Here is a summary appreciation of the complicated personality of Joseph II by a historian who was still relatively close to him in time and who had to flee Germany after the revolution of 1848/49:
"Joseph led a simple and active way of life. He was neither a gourmet in food nor a cynic in dress like Frederick[ix]. There were never more than six bowls on his table, very rarely he drank wine. If he did not wear the uniform of one of his regiments, he wore a simple skirt of dark color. He reduced his mother's court by half and was content to spend half a million florins a year instead of six million. He loved music, especially German music, and played the violoncello. He held Mozart in high esteem, who, under his reign, wrote his magnificent tone works....
The haste with which his sanguine-choleric temperament made the emperor put his reform plans into action made them fail....
But his intentions were pure and serious, his enthusiasm for enlightenment and the happiness of the people was sincere. In spite of all the misfortune that haunted his endeavors, it was he who undertook to rescue Austria from the Spanish-medieval mire and to relate it to the modern movement." (3, page 362).
His tomb is a simple coffin, not a magnificent baroque structure.
On Joseph II's monument in Vienna it is aptly written:
"Saluti publicae vixit non diu sed totus".
(He lived to the common good, not long, but whole).
(1) Durant, Will: "Kulturgeschichte der Menschheit" Volume XXX, Editions Recontre Lausanne, o. J.
(2) Reinalter, Helmut: "Joseph II.", C. H. Beck, Munich, 2011.
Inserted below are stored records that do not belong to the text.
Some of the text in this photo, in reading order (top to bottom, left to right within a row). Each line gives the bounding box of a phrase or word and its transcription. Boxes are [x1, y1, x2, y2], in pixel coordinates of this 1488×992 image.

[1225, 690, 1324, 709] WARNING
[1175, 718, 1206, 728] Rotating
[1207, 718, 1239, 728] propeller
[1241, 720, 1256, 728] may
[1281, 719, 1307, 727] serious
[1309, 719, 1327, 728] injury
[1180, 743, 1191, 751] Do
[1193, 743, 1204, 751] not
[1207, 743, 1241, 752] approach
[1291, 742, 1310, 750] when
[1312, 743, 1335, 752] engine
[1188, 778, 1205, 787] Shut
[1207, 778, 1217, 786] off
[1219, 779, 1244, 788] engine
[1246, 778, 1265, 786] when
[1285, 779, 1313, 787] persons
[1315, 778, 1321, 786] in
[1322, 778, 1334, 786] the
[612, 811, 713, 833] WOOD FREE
(3) Scherr, Johannes: "Deutsche Kultur- und Sittengeschichte," Agrippina, Wiesbaden, o. J.
(4) Zierer, Otto: "Neue Weltgeschichte," Fackelverlag, Stuttgart, n. d.
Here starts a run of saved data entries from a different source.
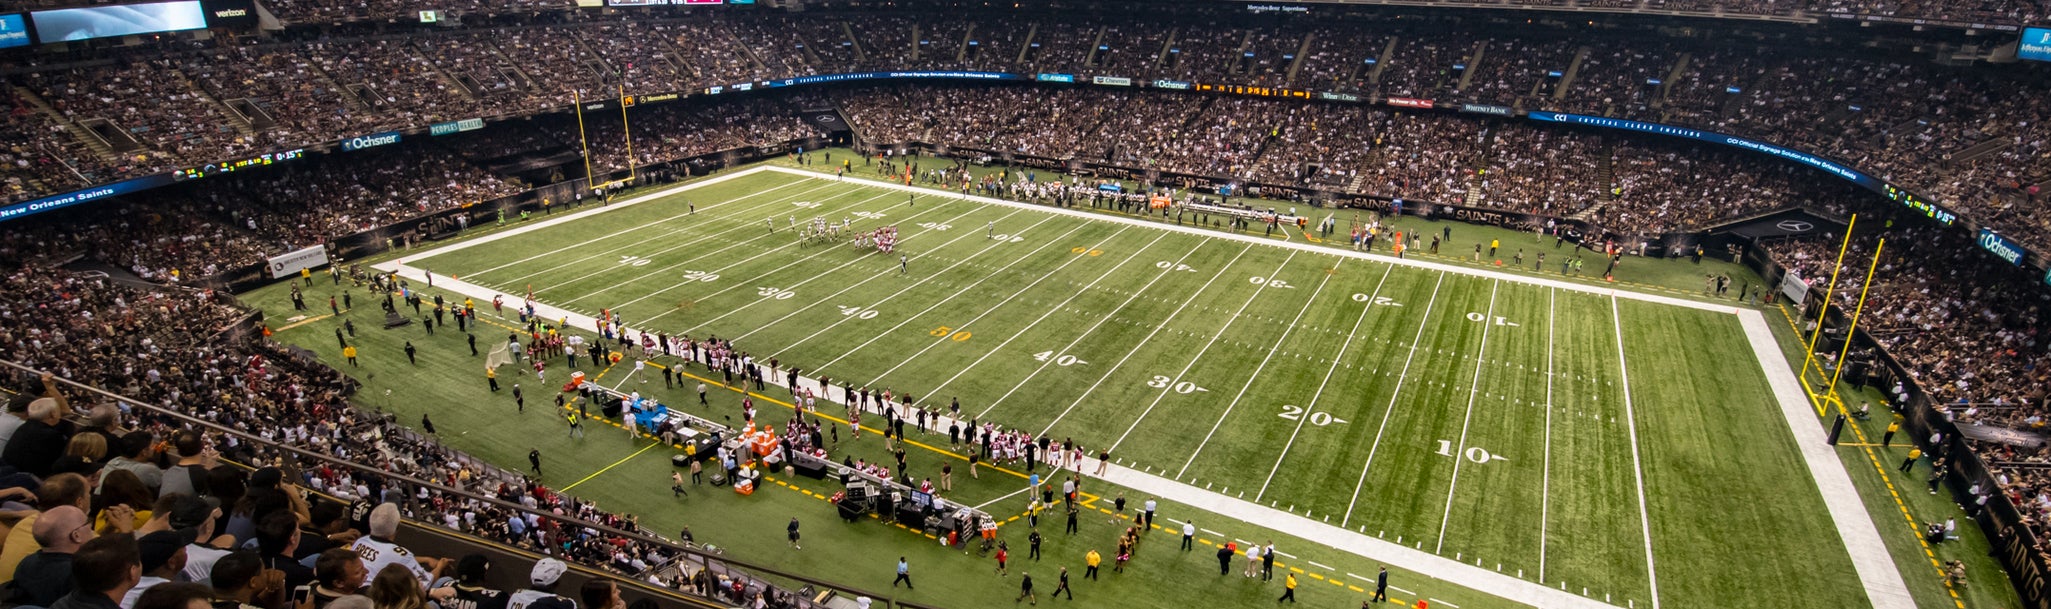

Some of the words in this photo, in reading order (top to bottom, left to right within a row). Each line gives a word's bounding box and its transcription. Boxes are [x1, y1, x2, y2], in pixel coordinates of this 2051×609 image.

[215, 8, 246, 18] verizon
[1158, 80, 1187, 89] Ochsner
[1554, 113, 1568, 122] CCI
[432, 123, 458, 135] PEOPLES
[352, 133, 398, 149] Ochsner
[1097, 167, 1130, 179] SAINTS
[0, 206, 27, 218] New
[29, 196, 76, 211] Orleans
[77, 187, 114, 201] Saints
[1456, 209, 1502, 225] SAINTS
[1984, 233, 2022, 264] Ochsner
[1249, 275, 1288, 289] 30
[759, 286, 796, 301] 30
[1351, 292, 1395, 307] 20
[842, 305, 879, 320] 40
[1466, 311, 1508, 327] 10
[929, 325, 973, 342] 50
[1032, 349, 1078, 367] 40
[1147, 374, 1198, 395] 30
[1277, 404, 1333, 427] 20
[1434, 438, 1491, 464] 10
(5) Zierer, Otto: "Kultur- und Sittenspiegel" Band III, Fackelverlag, Stuttgart, n. d.
(6) "Joseph II - Emperor and Rebel," television film co-produced by ORF III with ZDF-arte, broadcast on arte on 4/15/2022.
[i] The population of Austria, Hungary, and Bohemia increased from 18,700,000 in 1780 to 21,000,000 in 1790. (1, p. 198).
[ii] Read about it "Why we are stumbling into the population trap".
[iii] Read about this in "Short, sweet, curious" on page 110 "How the climate makes history".
[iv] The name "florin" comes from gold florins of the city of Florence, called "Florentines", hence the abbreviation fl. Florentine gold florins had about 3.5 g of gold. Later, "florin" was also a unit of account.
"Around 1754, for one guilder, a master craftsman had to work two days, a journeyman two and a half days, and a day laborer three days at 13.5 hours each." (http://de.wikipedia.org/wiki/gulden#Der_Gulden_as_Reichsw.)
[v] One fathom of wood was equal to about three cubic meters.
[vi] Ducats were common gold coins in Europe with a fineness of about 3.44 g of gold. Kremnitz is a former mining town in Slovakia.
[vii] Read about it in "500 Years of Reformation" under "Commemorative Days" the chapter "The Protestant Work Ethic."
[viii] Physiocracy ("rule of nature") assumes that only nature produces values, and therefore land is the only source of a country's wealth.
[ix] Frederick II of Prussia, called "the Great".